1)  I was born with the seeds of my own fulfillment. In the language of the  dharma, is this what is called BUDDHANATURE?  🙂  All goodness all around!

2)  I am fine. Once we find the nature of suffering, we can find the path out of suffering.   Also, the expression, “No Mud, No Lotus…”

3)  In the center of my being is a reset button. Beginning anew praktis.  Mindfulness of the present moment praktis.  “Throwing away” or leaving behind praktis.  I can begin anew and breathe myself into a new start no matter now many times I falter.   I can reset again and continue the course.  Buddha, I think said, “It’s not how long you have forgotten, but how quickly you can remember.”
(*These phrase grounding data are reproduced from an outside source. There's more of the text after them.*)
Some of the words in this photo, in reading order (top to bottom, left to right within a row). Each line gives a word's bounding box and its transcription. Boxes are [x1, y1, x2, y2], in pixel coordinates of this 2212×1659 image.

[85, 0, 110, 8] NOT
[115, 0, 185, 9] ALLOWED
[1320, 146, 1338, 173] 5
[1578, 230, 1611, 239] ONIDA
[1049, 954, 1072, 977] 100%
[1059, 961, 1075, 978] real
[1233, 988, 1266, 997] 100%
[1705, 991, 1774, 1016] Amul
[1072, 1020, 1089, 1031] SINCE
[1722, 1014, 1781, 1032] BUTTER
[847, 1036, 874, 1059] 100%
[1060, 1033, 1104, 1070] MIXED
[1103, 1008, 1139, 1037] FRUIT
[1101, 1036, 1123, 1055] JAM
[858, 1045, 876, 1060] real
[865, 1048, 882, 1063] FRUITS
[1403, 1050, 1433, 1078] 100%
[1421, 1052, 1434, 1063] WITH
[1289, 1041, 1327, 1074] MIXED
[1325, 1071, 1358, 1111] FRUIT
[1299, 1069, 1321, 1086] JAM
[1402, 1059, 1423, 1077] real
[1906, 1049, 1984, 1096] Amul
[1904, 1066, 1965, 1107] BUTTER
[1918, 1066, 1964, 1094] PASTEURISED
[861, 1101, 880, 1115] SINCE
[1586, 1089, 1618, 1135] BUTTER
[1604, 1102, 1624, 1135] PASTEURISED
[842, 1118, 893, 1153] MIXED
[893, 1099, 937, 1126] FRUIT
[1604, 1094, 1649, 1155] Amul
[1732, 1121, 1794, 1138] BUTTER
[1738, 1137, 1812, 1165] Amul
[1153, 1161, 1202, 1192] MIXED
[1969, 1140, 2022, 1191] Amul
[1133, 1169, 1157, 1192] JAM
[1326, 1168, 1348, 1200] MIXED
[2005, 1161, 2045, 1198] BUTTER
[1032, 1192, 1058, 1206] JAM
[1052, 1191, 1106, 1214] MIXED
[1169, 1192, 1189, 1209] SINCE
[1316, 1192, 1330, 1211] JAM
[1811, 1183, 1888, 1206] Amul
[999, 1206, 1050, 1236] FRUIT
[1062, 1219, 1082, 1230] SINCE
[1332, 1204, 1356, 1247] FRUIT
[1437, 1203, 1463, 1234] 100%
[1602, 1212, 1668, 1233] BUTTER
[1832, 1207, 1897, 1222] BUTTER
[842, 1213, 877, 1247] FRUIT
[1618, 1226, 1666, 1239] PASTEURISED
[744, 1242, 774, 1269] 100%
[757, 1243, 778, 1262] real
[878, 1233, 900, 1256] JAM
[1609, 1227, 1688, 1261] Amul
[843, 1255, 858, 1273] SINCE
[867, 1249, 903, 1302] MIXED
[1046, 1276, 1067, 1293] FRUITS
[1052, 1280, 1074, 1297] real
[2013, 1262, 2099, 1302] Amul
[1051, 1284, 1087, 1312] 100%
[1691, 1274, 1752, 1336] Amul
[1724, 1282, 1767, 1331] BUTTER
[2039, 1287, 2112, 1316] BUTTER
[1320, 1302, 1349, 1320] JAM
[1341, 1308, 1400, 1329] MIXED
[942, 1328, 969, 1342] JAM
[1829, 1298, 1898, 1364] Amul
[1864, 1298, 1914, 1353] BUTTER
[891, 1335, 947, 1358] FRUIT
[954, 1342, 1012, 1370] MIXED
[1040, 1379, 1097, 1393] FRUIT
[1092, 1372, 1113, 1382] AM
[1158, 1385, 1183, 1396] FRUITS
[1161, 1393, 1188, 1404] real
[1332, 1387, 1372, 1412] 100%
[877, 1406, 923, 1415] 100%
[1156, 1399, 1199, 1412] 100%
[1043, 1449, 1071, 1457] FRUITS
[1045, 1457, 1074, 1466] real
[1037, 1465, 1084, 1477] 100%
4)  There is only one lie in the UNIVERSE, the Great Lie; that is, I am not enough. Buddhanature!  I am of the Nature of Awakening, Freedom, Compassion and Wisdom!  That is within my Being.  I am of the One.  REJOICE!

* * * * * * **

Dove shared The Four Great Truths at a teaching/filming event which will become a DVD. Listening to the these teachings a few times now, I developed a question regarding the 3rd Truth (which also relates with the other four): At the center of my being is a reset button.

Questions for myself:

1) Do I know how to reset myself? How similar is resetting to mindfulness praktis? Being in presence, in the present moment?

2) Have I allowed in my consciousness, the perspective that someone else can reset the button for me? Is the understanding, experience and faith in buddhanature an expression of this reset button?

3) In what ways has my religious upbringing created doubt in me, or conversely, a dependence within myself, that the Ones who can reset are the priests, the spiritual teachers, the gurus, the master, etc? And thus, I am not capable. Are those thoughts circulating and mis-informing me?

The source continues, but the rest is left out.